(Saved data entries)
════

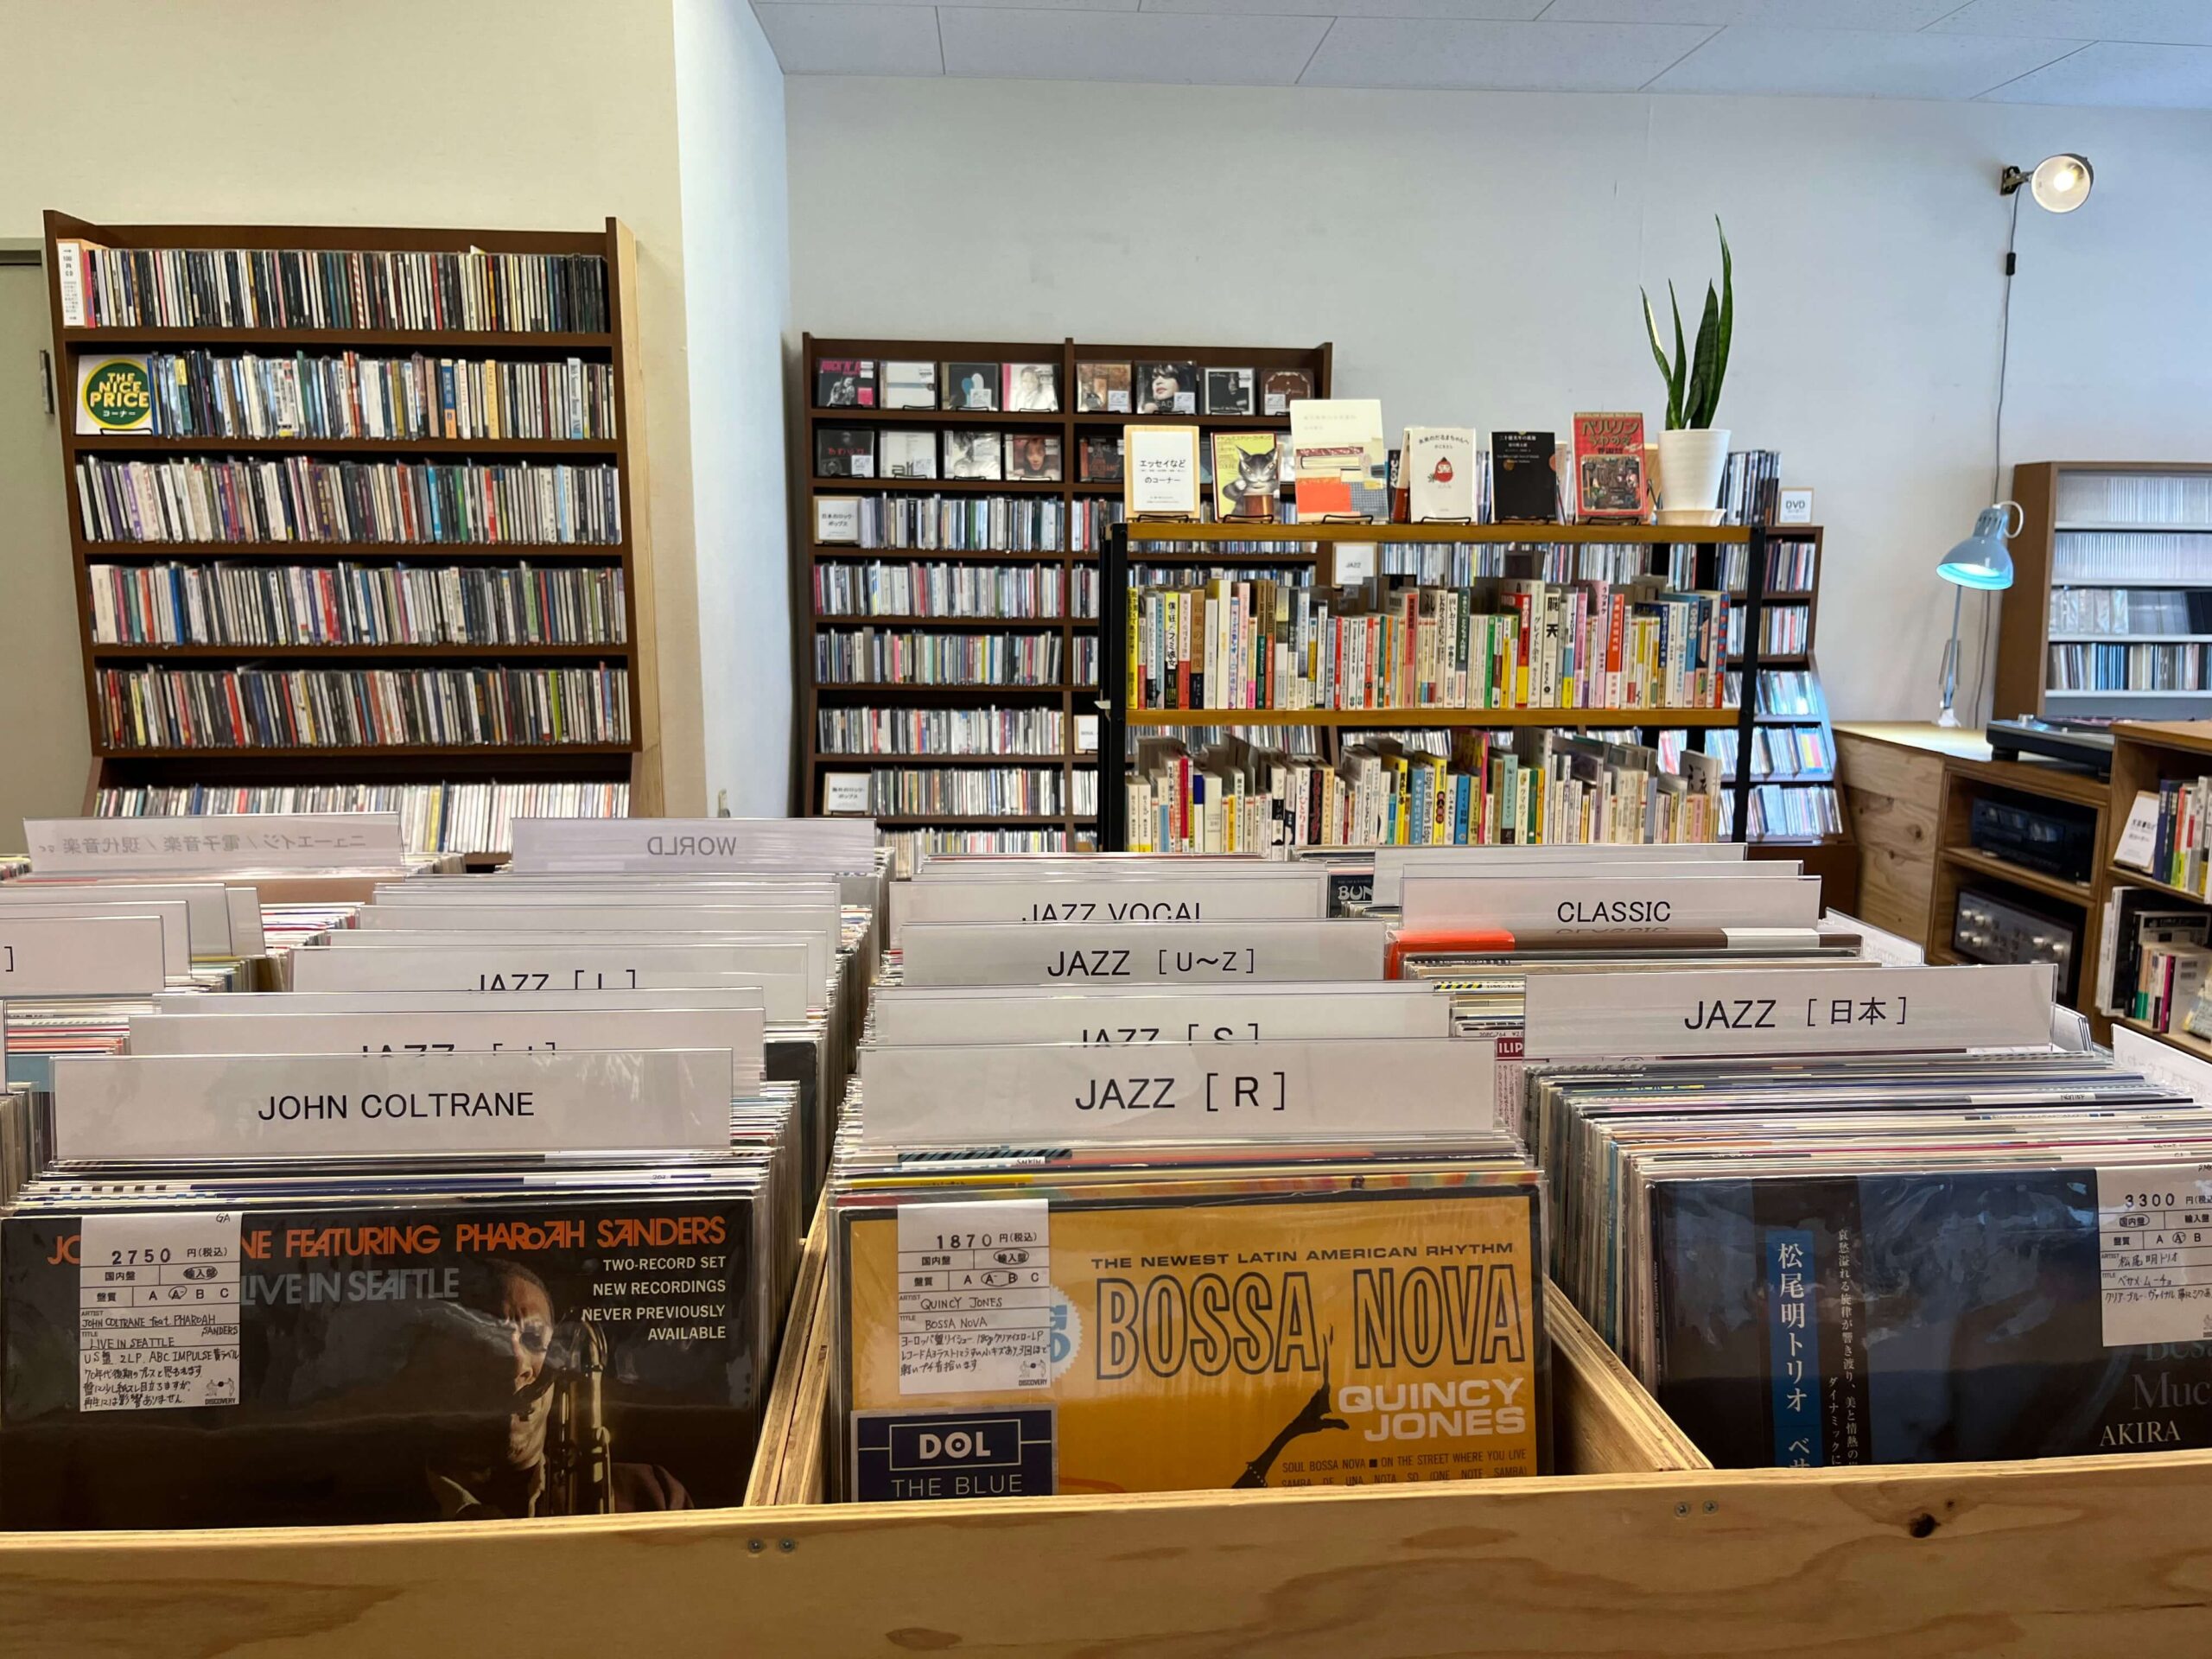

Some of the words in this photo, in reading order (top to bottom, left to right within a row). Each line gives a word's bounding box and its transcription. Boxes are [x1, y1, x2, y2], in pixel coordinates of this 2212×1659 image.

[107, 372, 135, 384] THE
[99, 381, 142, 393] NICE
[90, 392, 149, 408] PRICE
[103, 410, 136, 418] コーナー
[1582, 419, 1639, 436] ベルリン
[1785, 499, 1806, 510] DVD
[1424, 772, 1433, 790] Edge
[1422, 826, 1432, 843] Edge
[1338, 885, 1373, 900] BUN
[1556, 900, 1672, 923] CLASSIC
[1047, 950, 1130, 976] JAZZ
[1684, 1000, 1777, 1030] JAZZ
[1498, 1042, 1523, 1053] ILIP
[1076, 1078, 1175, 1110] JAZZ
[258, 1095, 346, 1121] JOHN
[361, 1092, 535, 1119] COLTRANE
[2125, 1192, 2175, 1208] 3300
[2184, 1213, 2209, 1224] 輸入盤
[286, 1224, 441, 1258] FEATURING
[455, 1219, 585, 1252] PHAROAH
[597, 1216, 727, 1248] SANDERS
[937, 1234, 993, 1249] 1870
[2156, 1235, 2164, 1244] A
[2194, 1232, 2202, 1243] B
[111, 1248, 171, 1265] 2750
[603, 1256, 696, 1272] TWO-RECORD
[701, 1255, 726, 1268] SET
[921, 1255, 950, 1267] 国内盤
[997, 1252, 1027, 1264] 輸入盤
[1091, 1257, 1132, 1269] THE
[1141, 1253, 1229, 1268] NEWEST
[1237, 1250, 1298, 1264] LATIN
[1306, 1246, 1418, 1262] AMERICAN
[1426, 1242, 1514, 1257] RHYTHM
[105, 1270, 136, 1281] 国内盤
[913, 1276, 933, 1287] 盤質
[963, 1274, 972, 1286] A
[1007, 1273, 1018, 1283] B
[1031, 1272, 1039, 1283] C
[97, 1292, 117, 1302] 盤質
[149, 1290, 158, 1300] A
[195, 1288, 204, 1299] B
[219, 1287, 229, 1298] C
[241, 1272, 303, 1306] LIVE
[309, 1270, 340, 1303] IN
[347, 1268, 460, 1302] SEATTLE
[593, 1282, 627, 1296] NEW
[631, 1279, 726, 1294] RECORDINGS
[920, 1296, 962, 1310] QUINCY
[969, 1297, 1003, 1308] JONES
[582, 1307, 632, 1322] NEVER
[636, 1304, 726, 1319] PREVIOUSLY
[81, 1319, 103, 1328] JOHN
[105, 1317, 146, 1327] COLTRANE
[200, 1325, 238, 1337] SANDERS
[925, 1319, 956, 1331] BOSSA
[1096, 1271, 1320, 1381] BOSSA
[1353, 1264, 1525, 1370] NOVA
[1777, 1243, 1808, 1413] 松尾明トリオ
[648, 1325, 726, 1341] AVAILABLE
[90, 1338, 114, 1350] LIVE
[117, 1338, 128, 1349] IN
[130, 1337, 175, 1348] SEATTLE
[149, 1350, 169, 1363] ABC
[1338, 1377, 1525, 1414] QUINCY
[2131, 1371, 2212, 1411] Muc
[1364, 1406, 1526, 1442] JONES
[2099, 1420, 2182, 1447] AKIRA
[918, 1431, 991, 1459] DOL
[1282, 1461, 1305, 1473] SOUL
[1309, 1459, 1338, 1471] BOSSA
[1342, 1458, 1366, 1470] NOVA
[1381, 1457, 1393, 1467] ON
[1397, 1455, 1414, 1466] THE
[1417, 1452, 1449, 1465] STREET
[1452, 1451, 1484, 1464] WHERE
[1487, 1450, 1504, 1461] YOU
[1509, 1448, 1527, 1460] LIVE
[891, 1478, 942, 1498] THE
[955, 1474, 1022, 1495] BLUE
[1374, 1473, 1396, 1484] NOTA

════

EXERCISE AIM => Copy out each line in the preceding records that contains "JONES".

EXERCISE ANSWER =>
[969, 1297, 1003, 1308] JONES
[1364, 1406, 1526, 1442] JONES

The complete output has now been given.